:: Material for the task ::
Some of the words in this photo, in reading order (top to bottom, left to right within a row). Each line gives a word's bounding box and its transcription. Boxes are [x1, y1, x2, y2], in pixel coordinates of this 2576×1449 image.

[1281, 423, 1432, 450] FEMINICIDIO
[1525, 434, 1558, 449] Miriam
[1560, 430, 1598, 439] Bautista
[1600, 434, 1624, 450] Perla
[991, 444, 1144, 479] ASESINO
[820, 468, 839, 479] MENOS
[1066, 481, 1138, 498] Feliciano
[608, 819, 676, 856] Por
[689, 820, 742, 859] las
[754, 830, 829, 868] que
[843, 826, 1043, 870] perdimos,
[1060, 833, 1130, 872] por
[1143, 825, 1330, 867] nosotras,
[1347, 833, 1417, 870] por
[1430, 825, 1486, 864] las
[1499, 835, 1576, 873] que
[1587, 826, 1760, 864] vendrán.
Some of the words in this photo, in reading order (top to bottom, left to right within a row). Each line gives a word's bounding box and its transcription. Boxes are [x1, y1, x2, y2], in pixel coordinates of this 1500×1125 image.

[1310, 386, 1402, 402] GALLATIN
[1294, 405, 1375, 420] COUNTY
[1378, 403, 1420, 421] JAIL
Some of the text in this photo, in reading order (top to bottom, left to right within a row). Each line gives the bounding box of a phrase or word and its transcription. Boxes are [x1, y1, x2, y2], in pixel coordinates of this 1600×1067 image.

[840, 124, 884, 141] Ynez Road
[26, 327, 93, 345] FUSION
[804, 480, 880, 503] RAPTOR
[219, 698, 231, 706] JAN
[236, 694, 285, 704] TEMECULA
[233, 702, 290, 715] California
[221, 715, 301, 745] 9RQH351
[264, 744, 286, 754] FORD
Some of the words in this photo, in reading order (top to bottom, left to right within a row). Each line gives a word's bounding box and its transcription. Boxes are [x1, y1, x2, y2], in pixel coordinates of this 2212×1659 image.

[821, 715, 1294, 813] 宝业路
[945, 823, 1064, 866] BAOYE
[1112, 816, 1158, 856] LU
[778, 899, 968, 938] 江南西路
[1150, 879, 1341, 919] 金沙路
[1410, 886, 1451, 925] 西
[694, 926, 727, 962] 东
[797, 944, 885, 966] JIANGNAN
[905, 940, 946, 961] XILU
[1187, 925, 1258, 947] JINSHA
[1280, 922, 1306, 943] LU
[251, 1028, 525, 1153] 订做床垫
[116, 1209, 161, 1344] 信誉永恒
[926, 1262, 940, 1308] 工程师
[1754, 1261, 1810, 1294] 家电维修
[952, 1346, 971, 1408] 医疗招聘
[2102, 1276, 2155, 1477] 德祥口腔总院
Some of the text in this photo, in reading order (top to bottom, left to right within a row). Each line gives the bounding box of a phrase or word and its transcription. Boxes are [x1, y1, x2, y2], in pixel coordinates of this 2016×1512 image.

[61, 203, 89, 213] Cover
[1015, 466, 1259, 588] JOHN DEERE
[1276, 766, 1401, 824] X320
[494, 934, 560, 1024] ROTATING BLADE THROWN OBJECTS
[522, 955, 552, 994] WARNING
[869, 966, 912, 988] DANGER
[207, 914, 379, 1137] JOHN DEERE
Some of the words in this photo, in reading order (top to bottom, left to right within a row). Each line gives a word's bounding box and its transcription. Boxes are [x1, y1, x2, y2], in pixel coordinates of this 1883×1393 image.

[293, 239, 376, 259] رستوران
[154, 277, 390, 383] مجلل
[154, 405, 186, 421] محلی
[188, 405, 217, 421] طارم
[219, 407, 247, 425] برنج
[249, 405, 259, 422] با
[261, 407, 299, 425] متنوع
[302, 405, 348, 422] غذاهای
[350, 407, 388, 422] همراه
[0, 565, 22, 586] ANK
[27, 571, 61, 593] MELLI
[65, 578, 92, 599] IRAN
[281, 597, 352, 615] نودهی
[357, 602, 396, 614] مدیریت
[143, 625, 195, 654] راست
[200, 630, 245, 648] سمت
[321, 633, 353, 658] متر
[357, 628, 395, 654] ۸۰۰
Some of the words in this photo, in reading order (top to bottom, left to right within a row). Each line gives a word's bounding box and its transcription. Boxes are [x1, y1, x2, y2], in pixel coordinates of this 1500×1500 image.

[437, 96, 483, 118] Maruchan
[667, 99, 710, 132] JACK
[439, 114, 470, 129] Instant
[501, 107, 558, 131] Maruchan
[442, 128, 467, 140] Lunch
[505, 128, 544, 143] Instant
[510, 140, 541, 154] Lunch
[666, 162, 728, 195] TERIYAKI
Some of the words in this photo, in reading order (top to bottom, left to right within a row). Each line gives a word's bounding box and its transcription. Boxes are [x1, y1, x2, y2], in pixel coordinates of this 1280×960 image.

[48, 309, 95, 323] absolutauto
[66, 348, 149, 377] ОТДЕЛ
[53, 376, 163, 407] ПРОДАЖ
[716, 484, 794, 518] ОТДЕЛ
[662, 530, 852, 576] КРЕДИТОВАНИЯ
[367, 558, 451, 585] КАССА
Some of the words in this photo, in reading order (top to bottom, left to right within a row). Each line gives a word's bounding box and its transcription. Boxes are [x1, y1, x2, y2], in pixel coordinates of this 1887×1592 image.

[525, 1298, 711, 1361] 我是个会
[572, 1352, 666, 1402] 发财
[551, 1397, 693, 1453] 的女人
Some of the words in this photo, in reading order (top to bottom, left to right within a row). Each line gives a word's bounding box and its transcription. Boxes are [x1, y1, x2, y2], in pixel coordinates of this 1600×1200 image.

:: Work required ::
Return the material in its entirety, word for word.

:: Output for this task ::
Some of the words in this photo, in reading order (top to bottom, left to right within a row). Each line gives a word's bounding box and its transcription. Boxes are [x1, y1, x2, y2], in pixel coordinates of this 2576×1449 image.

[1281, 423, 1432, 450] FEMINICIDIO
[1525, 434, 1558, 449] Miriam
[1560, 430, 1598, 439] Bautista
[1600, 434, 1624, 450] Perla
[991, 444, 1144, 479] ASESINO
[820, 468, 839, 479] MENOS
[1066, 481, 1138, 498] Feliciano
[608, 819, 676, 856] Por
[689, 820, 742, 859] las
[754, 830, 829, 868] que
[843, 826, 1043, 870] perdimos,
[1060, 833, 1130, 872] por
[1143, 825, 1330, 867] nosotras,
[1347, 833, 1417, 870] por
[1430, 825, 1486, 864] las
[1499, 835, 1576, 873] que
[1587, 826, 1760, 864] vendrán.
Some of the words in this photo, in reading order (top to bottom, left to right within a row). Each line gives a word's bounding box and its transcription. Boxes are [x1, y1, x2, y2], in pixel coordinates of this 1500×1125 image.

[1310, 386, 1402, 402] GALLATIN
[1294, 405, 1375, 420] COUNTY
[1378, 403, 1420, 421] JAIL
Some of the text in this photo, in reading order (top to bottom, left to right within a row). Each line gives the bounding box of a phrase or word and its transcription. Boxes are [x1, y1, x2, y2], in pixel coordinates of this 1600×1067 image.

[840, 124, 884, 141] Ynez Road
[26, 327, 93, 345] FUSION
[804, 480, 880, 503] RAPTOR
[219, 698, 231, 706] JAN
[236, 694, 285, 704] TEMECULA
[233, 702, 290, 715] California
[221, 715, 301, 745] 9RQH351
[264, 744, 286, 754] FORD
Some of the words in this photo, in reading order (top to bottom, left to right within a row). Each line gives a word's bounding box and its transcription. Boxes are [x1, y1, x2, y2], in pixel coordinates of this 2212×1659 image.

[821, 715, 1294, 813] 宝业路
[945, 823, 1064, 866] BAOYE
[1112, 816, 1158, 856] LU
[778, 899, 968, 938] 江南西路
[1150, 879, 1341, 919] 金沙路
[1410, 886, 1451, 925] 西
[694, 926, 727, 962] 东
[797, 944, 885, 966] JIANGNAN
[905, 940, 946, 961] XILU
[1187, 925, 1258, 947] JINSHA
[1280, 922, 1306, 943] LU
[251, 1028, 525, 1153] 订做床垫
[116, 1209, 161, 1344] 信誉永恒
[926, 1262, 940, 1308] 工程师
[1754, 1261, 1810, 1294] 家电维修
[952, 1346, 971, 1408] 医疗招聘
[2102, 1276, 2155, 1477] 德祥口腔总院
Some of the text in this photo, in reading order (top to bottom, left to right within a row). Each line gives the bounding box of a phrase or word and its transcription. Boxes are [x1, y1, x2, y2], in pixel coordinates of this 2016×1512 image.

[61, 203, 89, 213] Cover
[1015, 466, 1259, 588] JOHN DEERE
[1276, 766, 1401, 824] X320
[494, 934, 560, 1024] ROTATING BLADE THROWN OBJECTS
[522, 955, 552, 994] WARNING
[869, 966, 912, 988] DANGER
[207, 914, 379, 1137] JOHN DEERE
Some of the words in this photo, in reading order (top to bottom, left to right within a row). Each line gives a word's bounding box and its transcription. Boxes are [x1, y1, x2, y2], in pixel coordinates of this 1883×1393 image.

[293, 239, 376, 259] رستوران
[154, 277, 390, 383] مجلل
[154, 405, 186, 421] محلی
[188, 405, 217, 421] طارم
[219, 407, 247, 425] برنج
[249, 405, 259, 422] با
[261, 407, 299, 425] متنوع
[302, 405, 348, 422] غذاهای
[350, 407, 388, 422] همراه
[0, 565, 22, 586] ANK
[27, 571, 61, 593] MELLI
[65, 578, 92, 599] IRAN
[281, 597, 352, 615] نودهی
[357, 602, 396, 614] مدیریت
[143, 625, 195, 654] راست
[200, 630, 245, 648] سمت
[321, 633, 353, 658] متر
[357, 628, 395, 654] ۸۰۰
Some of the words in this photo, in reading order (top to bottom, left to right within a row). Each line gives a word's bounding box and its transcription. Boxes are [x1, y1, x2, y2], in pixel coordinates of this 1500×1500 image.

[437, 96, 483, 118] Maruchan
[667, 99, 710, 132] JACK
[439, 114, 470, 129] Instant
[501, 107, 558, 131] Maruchan
[442, 128, 467, 140] Lunch
[505, 128, 544, 143] Instant
[510, 140, 541, 154] Lunch
[666, 162, 728, 195] TERIYAKI
Some of the words in this photo, in reading order (top to bottom, left to right within a row). Each line gives a word's bounding box and its transcription. Boxes are [x1, y1, x2, y2], in pixel coordinates of this 1280×960 image.

[48, 309, 95, 323] absolutauto
[66, 348, 149, 377] ОТДЕЛ
[53, 376, 163, 407] ПРОДАЖ
[716, 484, 794, 518] ОТДЕЛ
[662, 530, 852, 576] КРЕДИТОВАНИЯ
[367, 558, 451, 585] КАССА
Some of the words in this photo, in reading order (top to bottom, left to right within a row). Each line gives a word's bounding box and its transcription. Boxes are [x1, y1, x2, y2], in pixel coordinates of this 1887×1592 image.

[525, 1298, 711, 1361] 我是个会
[572, 1352, 666, 1402] 发财
[551, 1397, 693, 1453] 的女人
Some of the words in this photo, in reading order (top to bottom, left to right within a row). Each line gives a word's bounding box and its transcription. Boxes are [x1, y1, x2, y2], in pixel coordinates of this 1600×1200 image.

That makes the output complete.